What the task requires: Repeat the lines of the data exactly and exclude any picture among them.

Recorded data:
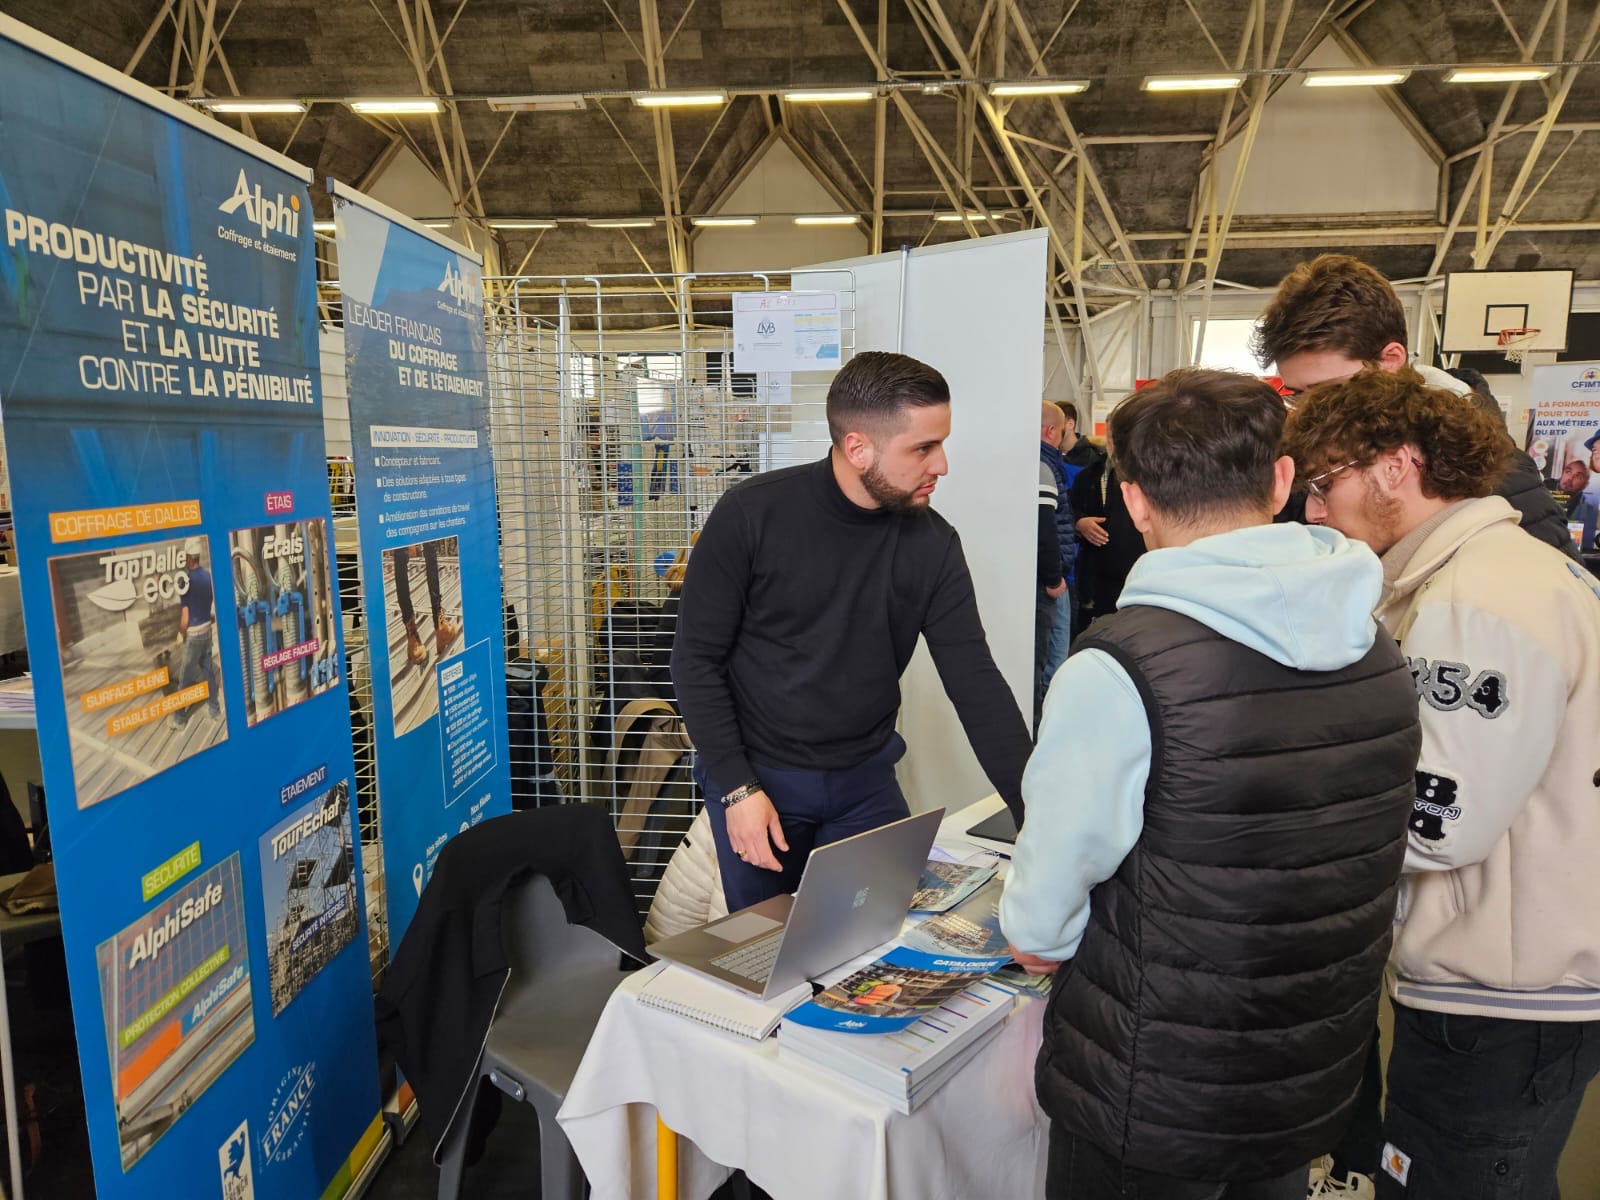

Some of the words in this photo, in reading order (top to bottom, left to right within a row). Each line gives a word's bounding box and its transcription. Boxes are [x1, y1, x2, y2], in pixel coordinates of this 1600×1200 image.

[218, 168, 300, 238] Alphi
[5, 208, 209, 291] PRODUCTIVITÉ
[218, 225, 252, 249] Coffrage
[254, 239, 262, 250] et
[263, 242, 297, 262] étaiement
[437, 260, 477, 309] Alphi
[77, 271, 134, 312] PAR
[140, 284, 176, 321] LA
[182, 290, 280, 339] SÉCURITÉ
[347, 302, 393, 334] LEADER
[395, 315, 442, 346] FRANÇAIS
[121, 320, 149, 354] ET
[157, 326, 192, 359] LA
[198, 332, 260, 368] LUTTE
[389, 339, 406, 361] DU
[409, 344, 459, 371] COFFRAGE
[79, 355, 182, 395] CONTRE
[188, 366, 219, 397] LA
[223, 366, 314, 404] PÉNIBILITÉ
[398, 366, 412, 386] ET
[414, 369, 429, 389] DE
[431, 368, 484, 397] L'ÉTAIEMENT
[1552, 400, 1600, 408] FORMATIO
[1558, 418, 1599, 427] MÉTIERS
[381, 455, 412, 468] Concepteur
[382, 476, 394, 487] Des
[395, 475, 418, 487] solutions
[384, 492, 391, 503] de
[55, 512, 133, 536] COFFRAGE
[136, 509, 152, 527] DE
[154, 504, 199, 524] DALLES
[266, 494, 292, 511] ÉTAIS
[385, 510, 418, 523] Amélioration
[263, 532, 304, 559] Etais
[386, 527, 398, 538] des
[143, 570, 190, 603] eco
[263, 650, 293, 669] RÉGLAGE
[86, 682, 134, 709] SURFACE
[136, 671, 166, 692] PLEINE
[112, 708, 150, 733] STABLE
[150, 703, 161, 717] ET
[162, 684, 205, 711] SÉCURISÉE
[281, 766, 326, 804] ÉTAIEMENT
[271, 795, 341, 861] TourEchaf
[145, 844, 199, 894] SÉCURITÉ
[129, 883, 223, 969] AlphiSafe
[292, 919, 319, 951] SÉCURITÉ
[933, 959, 999, 968] CATALOGUE
[124, 988, 180, 1042] PROTECTION
[180, 950, 226, 996] COLLECTIVE
[191, 965, 244, 1024] AlphiSafe
[263, 1068, 314, 1159] FRANCE

Exercise answer:
Some of the words in this photo, in reading order (top to bottom, left to right within a row). Each line gives a word's bounding box and its transcription. Boxes are [x1, y1, x2, y2], in pixel coordinates of this 1600×1200 image.

[218, 168, 300, 238] Alphi
[5, 208, 209, 291] PRODUCTIVITÉ
[218, 225, 252, 249] Coffrage
[254, 239, 262, 250] et
[263, 242, 297, 262] étaiement
[437, 260, 477, 309] Alphi
[77, 271, 134, 312] PAR
[140, 284, 176, 321] LA
[182, 290, 280, 339] SÉCURITÉ
[347, 302, 393, 334] LEADER
[395, 315, 442, 346] FRANÇAIS
[121, 320, 149, 354] ET
[157, 326, 192, 359] LA
[198, 332, 260, 368] LUTTE
[389, 339, 406, 361] DU
[409, 344, 459, 371] COFFRAGE
[79, 355, 182, 395] CONTRE
[188, 366, 219, 397] LA
[223, 366, 314, 404] PÉNIBILITÉ
[398, 366, 412, 386] ET
[414, 369, 429, 389] DE
[431, 368, 484, 397] L'ÉTAIEMENT
[1552, 400, 1600, 408] FORMATIO
[1558, 418, 1599, 427] MÉTIERS
[381, 455, 412, 468] Concepteur
[382, 476, 394, 487] Des
[395, 475, 418, 487] solutions
[384, 492, 391, 503] de
[55, 512, 133, 536] COFFRAGE
[136, 509, 152, 527] DE
[154, 504, 199, 524] DALLES
[266, 494, 292, 511] ÉTAIS
[385, 510, 418, 523] Amélioration
[263, 532, 304, 559] Etais
[386, 527, 398, 538] des
[143, 570, 190, 603] eco
[263, 650, 293, 669] RÉGLAGE
[86, 682, 134, 709] SURFACE
[136, 671, 166, 692] PLEINE
[112, 708, 150, 733] STABLE
[150, 703, 161, 717] ET
[162, 684, 205, 711] SÉCURISÉE
[281, 766, 326, 804] ÉTAIEMENT
[271, 795, 341, 861] TourEchaf
[145, 844, 199, 894] SÉCURITÉ
[129, 883, 223, 969] AlphiSafe
[292, 919, 319, 951] SÉCURITÉ
[933, 959, 999, 968] CATALOGUE
[124, 988, 180, 1042] PROTECTION
[180, 950, 226, 996] COLLECTIVE
[191, 965, 244, 1024] AlphiSafe
[263, 1068, 314, 1159] FRANCE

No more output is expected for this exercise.